The project wasn't even on the official written 'projects to-do' list I wrote up the other day, but it has been brewing in my mind for a while and since I started the other night I have been a little obsessed! (Sorry mum, your chair re-covering is on the back burner I'm afraid, this is much more enjoyable!)
Little Imp loves playing 'kitchen'. Making sandwiches, cups of coffee and lemon tea, stirring and cooking. She also loves helping daddy in his vege garden. She refuses to eat many a vegetable, but she can annoyingly name many of them while they are still in the ground! I've seen plastic food sets in the shops & I know she would love to add this sort of thing to her pretend play games, but they are all pretty sad looking...and plastic-y.

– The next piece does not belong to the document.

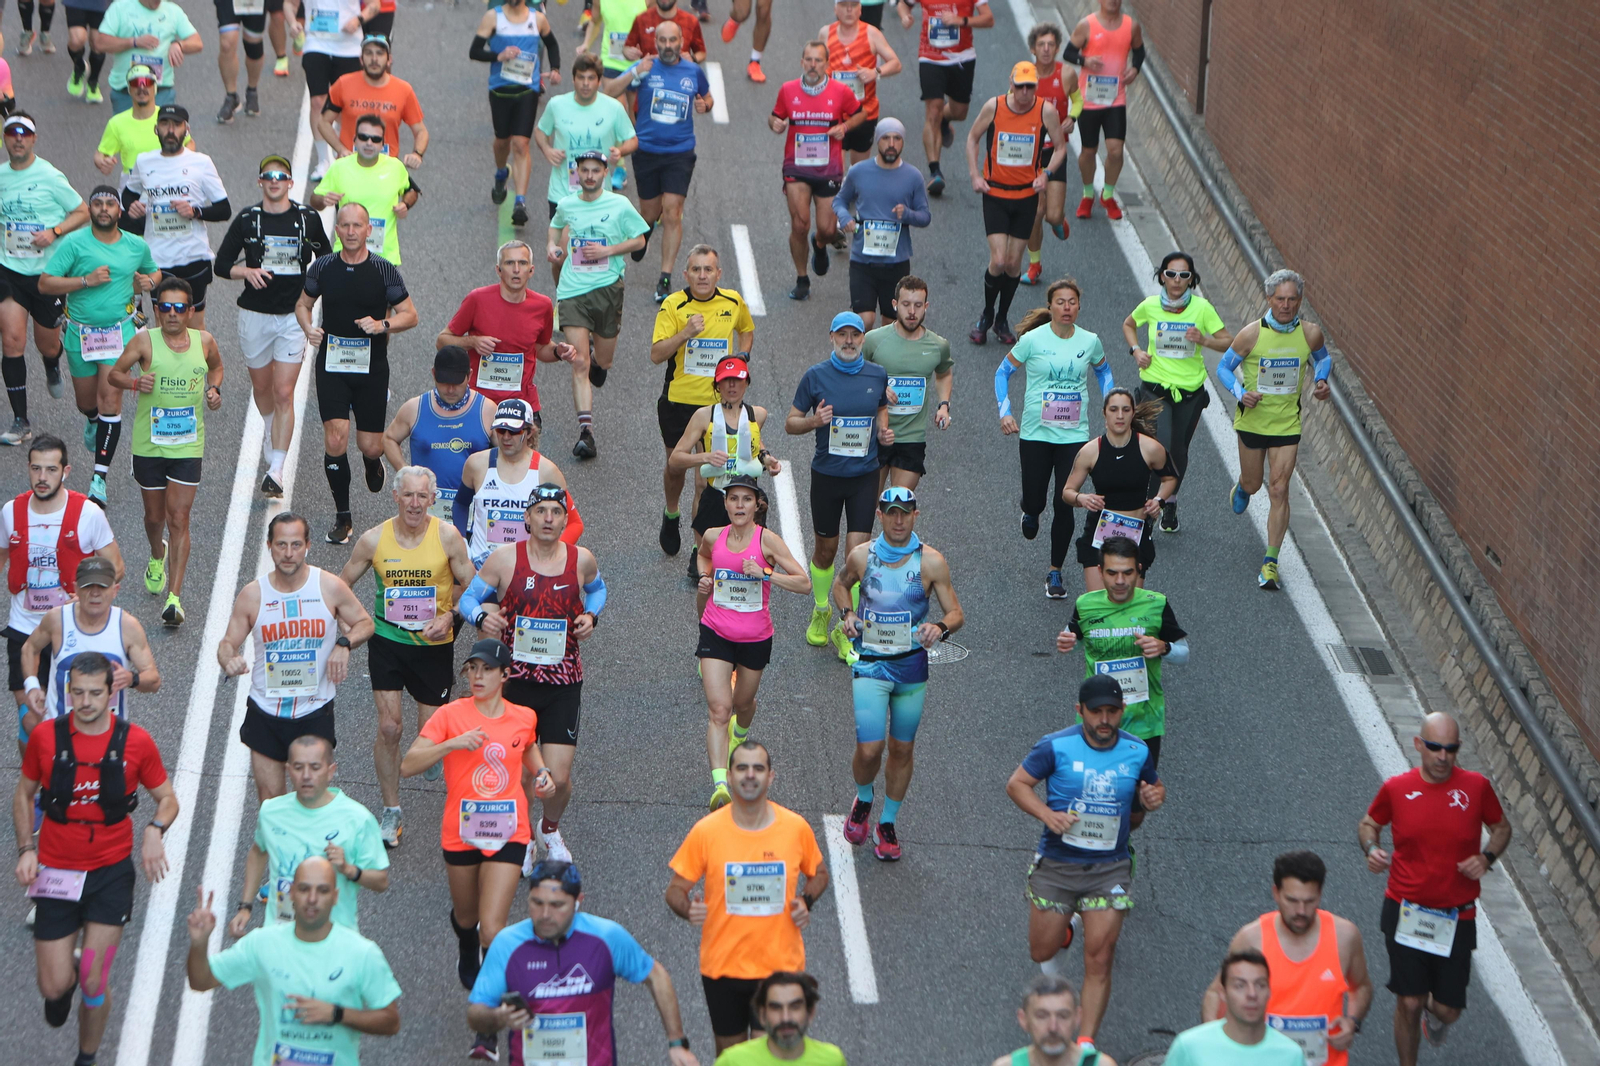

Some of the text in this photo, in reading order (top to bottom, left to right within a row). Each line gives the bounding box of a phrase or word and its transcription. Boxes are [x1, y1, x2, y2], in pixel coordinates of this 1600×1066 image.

So, my first plan is to make Little Imp a box of felt food for Christmas. My second plan is to challenge myself and not look up any patterns for how to make things. Of course I have seen images of felt food & looked at the ikea sets of fruits & veg in the past. But no Google-ing allowed. Time to work the brain. For one who is highly perceptually challenged this may well prove difficult & end in a great deal of cursing,
unpicking and/or what I will call 'newly discovered' species of strange looking fruit. But so far, so good.
I've made an apple (that does look a bit blue in this picture, but is really green, promise), some carrots & a few strawberries & have a cucumber and lemon in progress. Little Imp came across one of the carrots I had not hidden too well the other morning & loved it, so figure that is a good sign to keep going!
General Tips I've worked out so far:
- Where possible I'm using a sewing machine to stitch, either free motion or straight stitching (much speedier & still giving me the finish I'm after).
- My straight stitch machine seams are sewn with about a 1/8 – 1/16th inch allowance.
- If making multiple pieces of the same type of ‘food’ try to do them in batches to save time with frequent thread / bobbin changes etc.
- I’m reminding myself that real fruit & veg are not ‘perfect’, so seams do not have to be straight & stitches can be wonky and that is fine!